-- Study material follows --

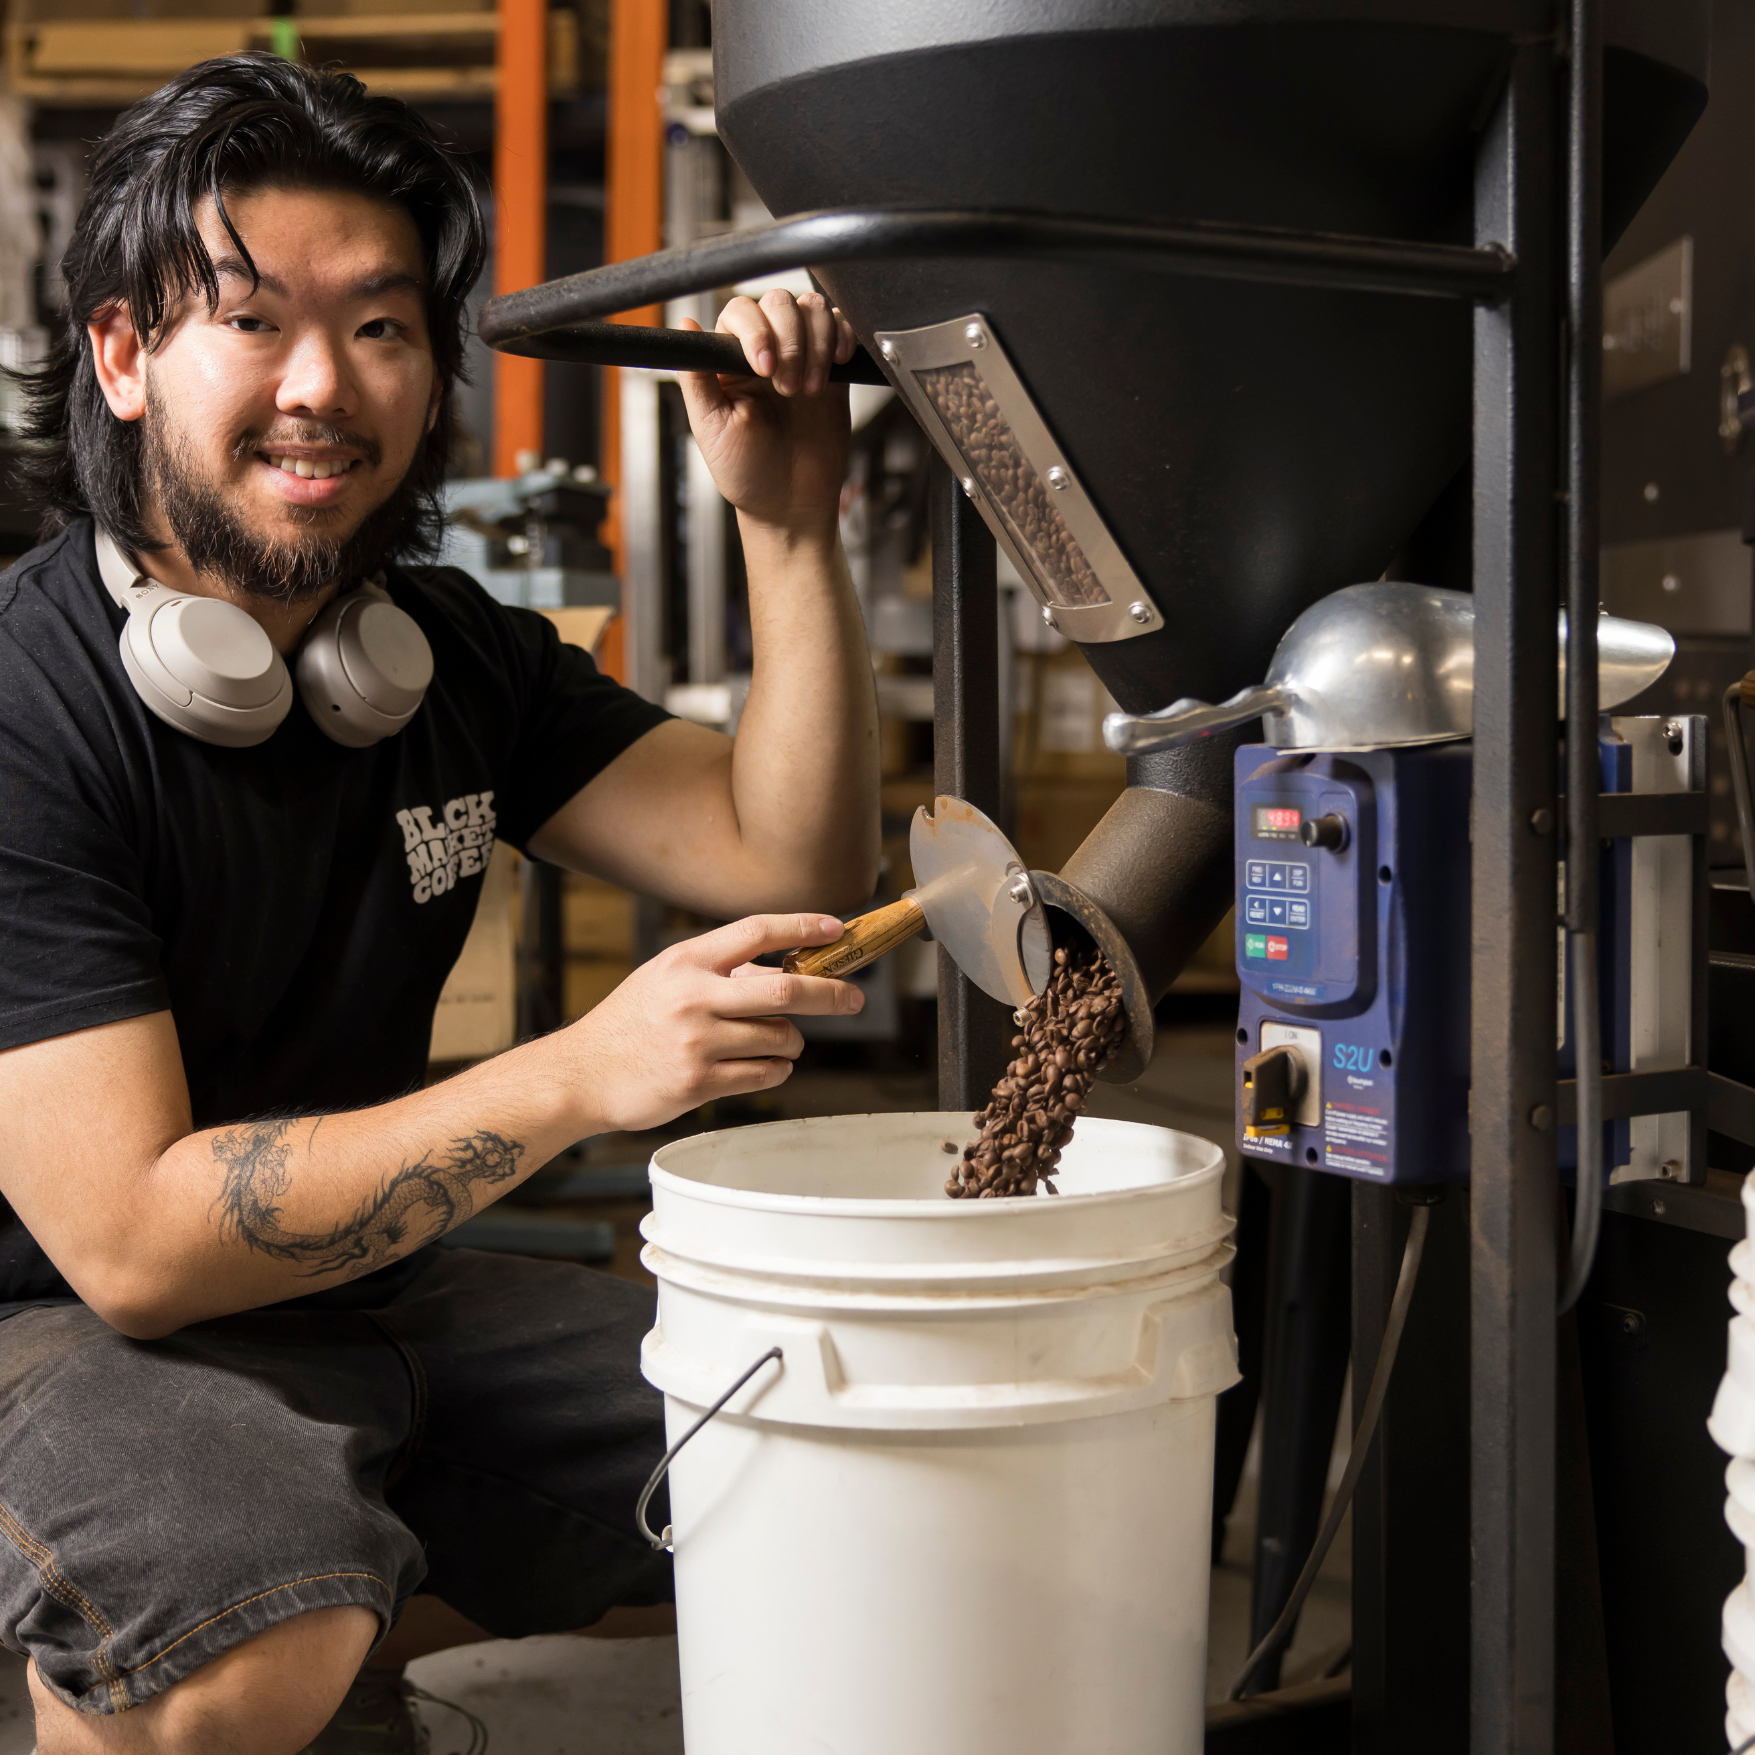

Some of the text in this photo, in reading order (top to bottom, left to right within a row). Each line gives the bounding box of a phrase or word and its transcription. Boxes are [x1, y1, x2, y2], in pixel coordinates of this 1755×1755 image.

[135, 583, 160, 600] SONY
[396, 790, 497, 853] BLCK
[407, 819, 497, 885] MAKET
[1333, 1043, 1374, 1073] S2U
[1264, 1137, 1283, 1148] NEMA

-- Study material concluded --

■ **Exercise instructions**
Once the pictures are dropped, set down everything else in the records exactly.

■ **Problem solution**
Some of the text in this photo, in reading order (top to bottom, left to right within a row). Each line gives the bounding box of a phrase or word and its transcription. Boxes are [x1, y1, x2, y2], in pixel coordinates of this 1755×1755 image.

[135, 583, 160, 600] SONY
[396, 790, 497, 853] BLCK
[407, 819, 497, 885] MAKET
[1333, 1043, 1374, 1073] S2U
[1264, 1137, 1283, 1148] NEMA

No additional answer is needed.